B. Federal Monitoring Visit
In November 2009, federal monitors from the Department of Labor undertook a compliance review of the WIA grants in Maine, including of the LWIB. The monitors found that Winslow's job description was not in compliance with federal program requirements1 because, absent an express agreement between the LWIB and Aroostook County, it was improper for Winslow to report to the County rather than to the LWIB. On November 19, the federal monitors conducted a preliminary exit interview at the office where Beaulieu and Winslow worked, which Winslow attended. After the exit interview, federal monitor Tim Theberge went to Beaulieu and told him of the monitors' findings. Beaulieu then spoke to Winslow and instructed her to type up her notes from the exit interview meeting and email them to him. These exit interview notes included a section on findings, which stated, as item number five: “My job description indicates I am supervised by the County Administrator, however, I work for the Board, who supervise me. This is reflected in 117D3Bii.”2 The exit interview notes included a separate section on “Areas of Concern.” They also stated that the federal monitors would meet with the State during the week of January 6–7, and that the state would then draft a formal response, after which there would be a formal federal response. As to the local report, officials would be given until January 30 to resolve these findings.

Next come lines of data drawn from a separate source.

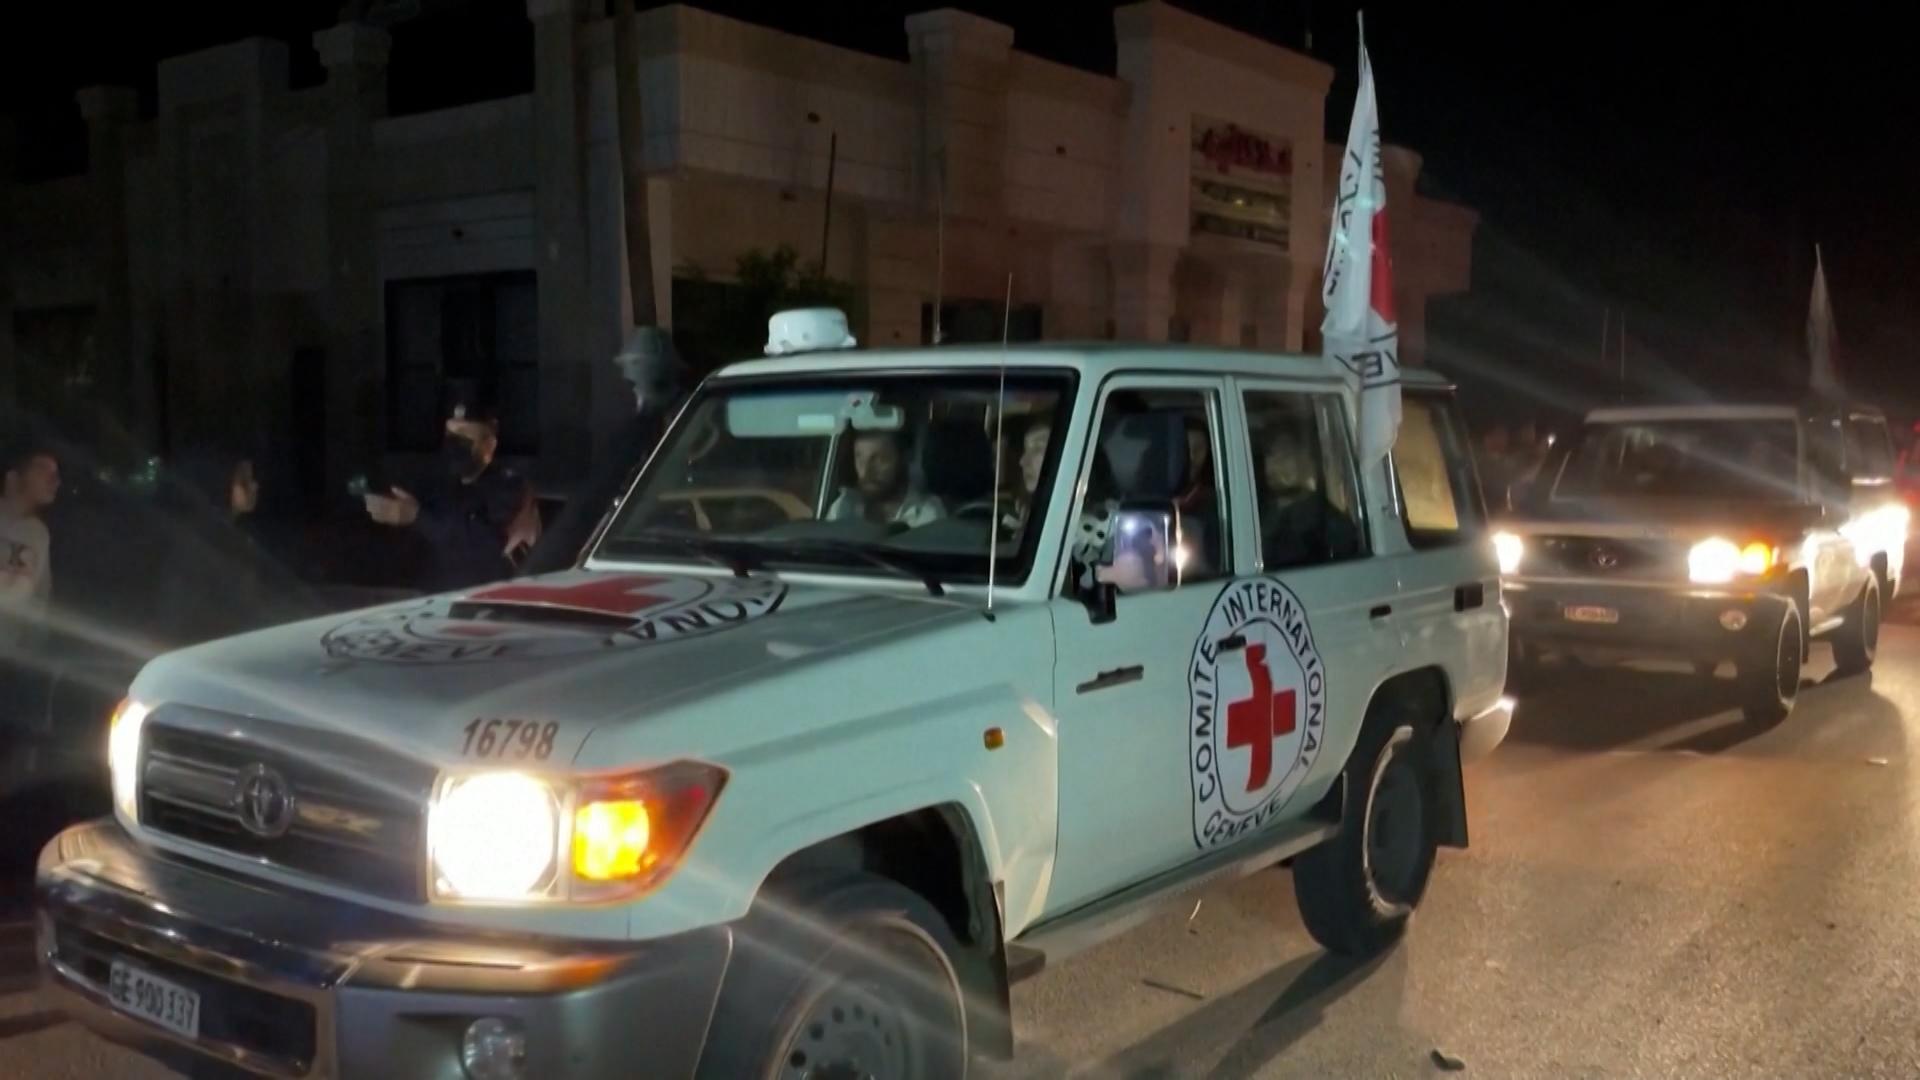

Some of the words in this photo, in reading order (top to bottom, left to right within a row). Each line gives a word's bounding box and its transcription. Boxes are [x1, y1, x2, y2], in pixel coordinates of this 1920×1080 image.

[462, 717, 560, 760] 16798
[1194, 635, 1217, 803] COMITE
[1203, 798, 1281, 845] GENEVE
[112, 969, 131, 1004] GE
[135, 977, 164, 1018] 900
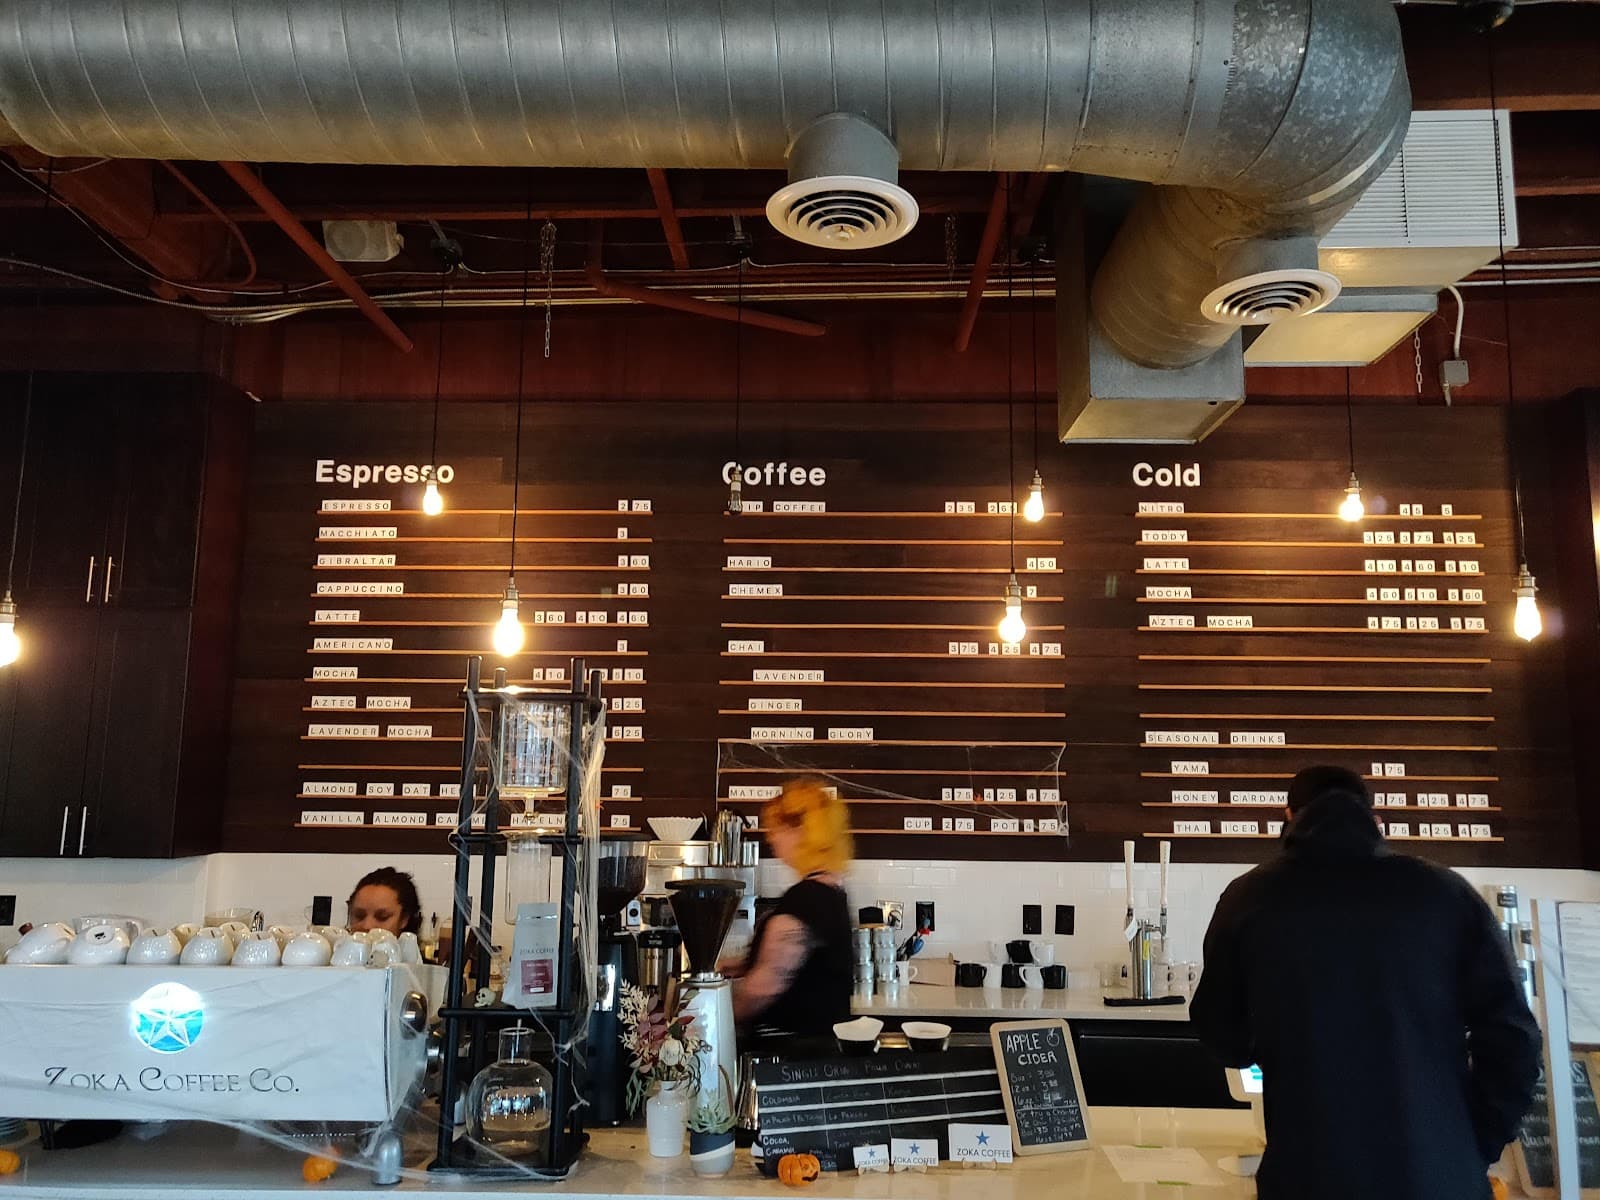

Then, also at Beaulieu's direction, Winslow sent the exit interview notes to Barry McCrum, the LWIB Chairman, along with Christopher Gardner and Norman Fournier, the two co-Chief Local Elected Officials (“CLEOs”) of the LWIB. The CLEOs (and not the full LWIB Board) are responsible for designating a WIA fiscal agent. See 29 U.S.C. § 2832(d)(3)(B)(i)(II). Those exit interview notes reporting on the federal monitors' findings, circulated at Beaulieu's request, form the initial basis for Winslow's assertion that she is a whistleblower. Defendant NMDC is a separate entity, not involved in the noncompliance findings regarding Aroostook County.
At a December 2 public Aroostook County Commissioners' meeting, Beaulieu informed the commissioners of the report from the federal monitoring visit. The minutes of the meeting reported that “one of the findings [of the compliance review] is that the Executive Director should, under the law, report to the [LWIB] Board,” “not the County Administrator.” After the minutes were adopted at a later County Commissioners' meeting on December 16, they were posted online in full for public review.
During this period, Beaulieu was in discussions with the two CLEOs and the Chairman of the LWIB about preparing an agreement making a different entity the new fiscal agent for the LWIB. The proposal was that defendant NMDC be the fiscal agent. For this purpose, around December 15, Beaulieu met with Robert Clark, the Executive Director of NMDC and also a member of the LWIB Board, to discuss the transition. In preparation for that meeting, Clark completed a draft transition plan, which included as part of the process “Notification of staff termination—December 31.” On December 28, Beaulieu forwarded to Clark the then-current draft of the letter that he had previously sent to the CLEOs for them to send to the Maine Department of Labor. In that email to Clark, Beaulieu stated: “Note how I dealt with the staffing issue. It leaves it up to you.” The two CLEOs of the LWIB did not object to the staff termination proposal.
On the broader topic of the transition to a new fiscal agent, Beaulieu was also in communication with the CLEOs, including in a series of December 29 emails. Beaulieu indicated that federal law required there be an agreement between the LWIB and NMDC, enclosed a draft, and stressed: “this agreement is mandated; it is not optional. I just want to make sure we are in compliance, so we don't jeopardize [losing] our local program.” (emphasis added). Winslow played no role in these discussions.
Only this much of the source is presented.